The famous biologist Rupert Sheldrake has spoken about his conversations with professional astronomers. He was walking with such an astronomer one evening, and asked the astronomer to tell him the name of a star or some other object of interest that they could both see in the night sky. The astronomer couldn't name it, and he shrugged off the notion that he should even be able to do so. Like so many astronomers, his professional work consisted of analyzing data that other people were collecting, perhaps from telescopes or space probes. The astronomer was probably good at that. Sheldrake thought it was odd, and a little unfortunate, for astronomers to not have an emotional connection to the objects of their studies.
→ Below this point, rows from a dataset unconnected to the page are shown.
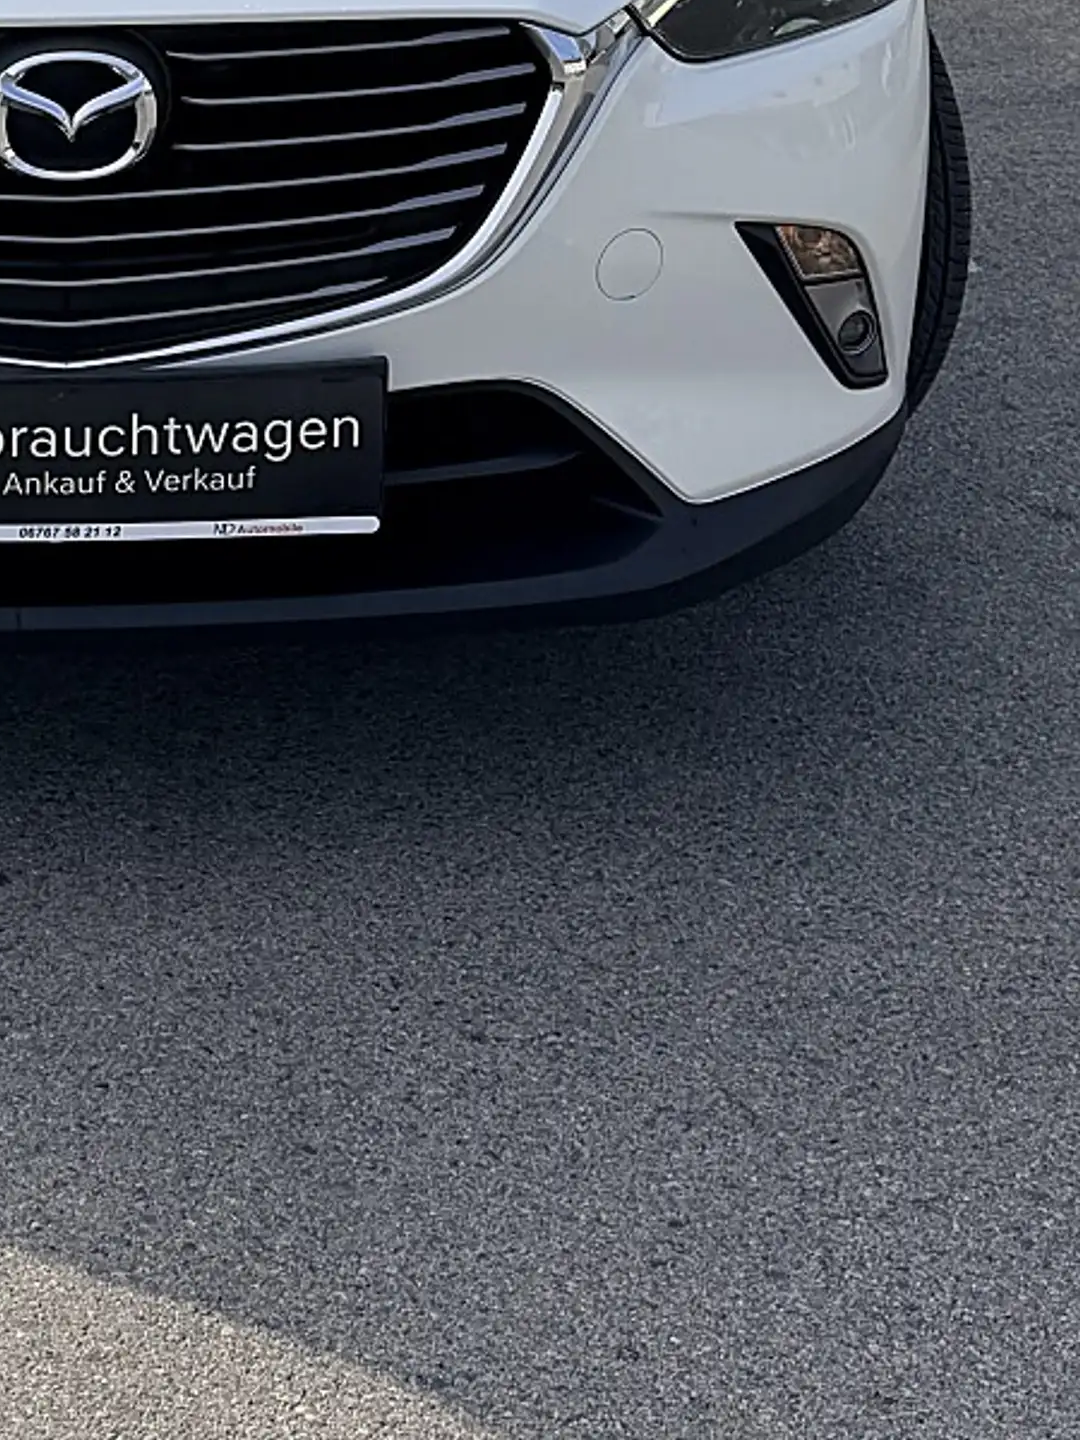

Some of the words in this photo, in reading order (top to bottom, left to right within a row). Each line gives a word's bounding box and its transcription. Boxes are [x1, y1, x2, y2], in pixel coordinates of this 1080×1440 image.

[2, 469, 108, 496] Ankauf
[115, 470, 136, 494] &
[143, 464, 258, 492] Verkauf
[83, 526, 100, 538] 21
[104, 525, 122, 537] 12
The astronomer he was chatting with probably knew a lot about nuclear processes in stars, but he didn't know his way around the sky.
I think, though, that many astronomers do have a sense of wonder and amazement about the universe - that sense that my students showed in astronomy class that night. A feature of the astronomy culture that I find uplifting is the joy many of them seem to get when they tackle the problem of naming the new objects that they find in the sky - asteroids, comets, moons, even craters. They would (nearly?) all scoff at astrology or mythology, but I think they still get a kick out of continuing that project started by ancient astronomers -- the project of naming celestial objects after Greek or Roman gods and such. It feels like an art form.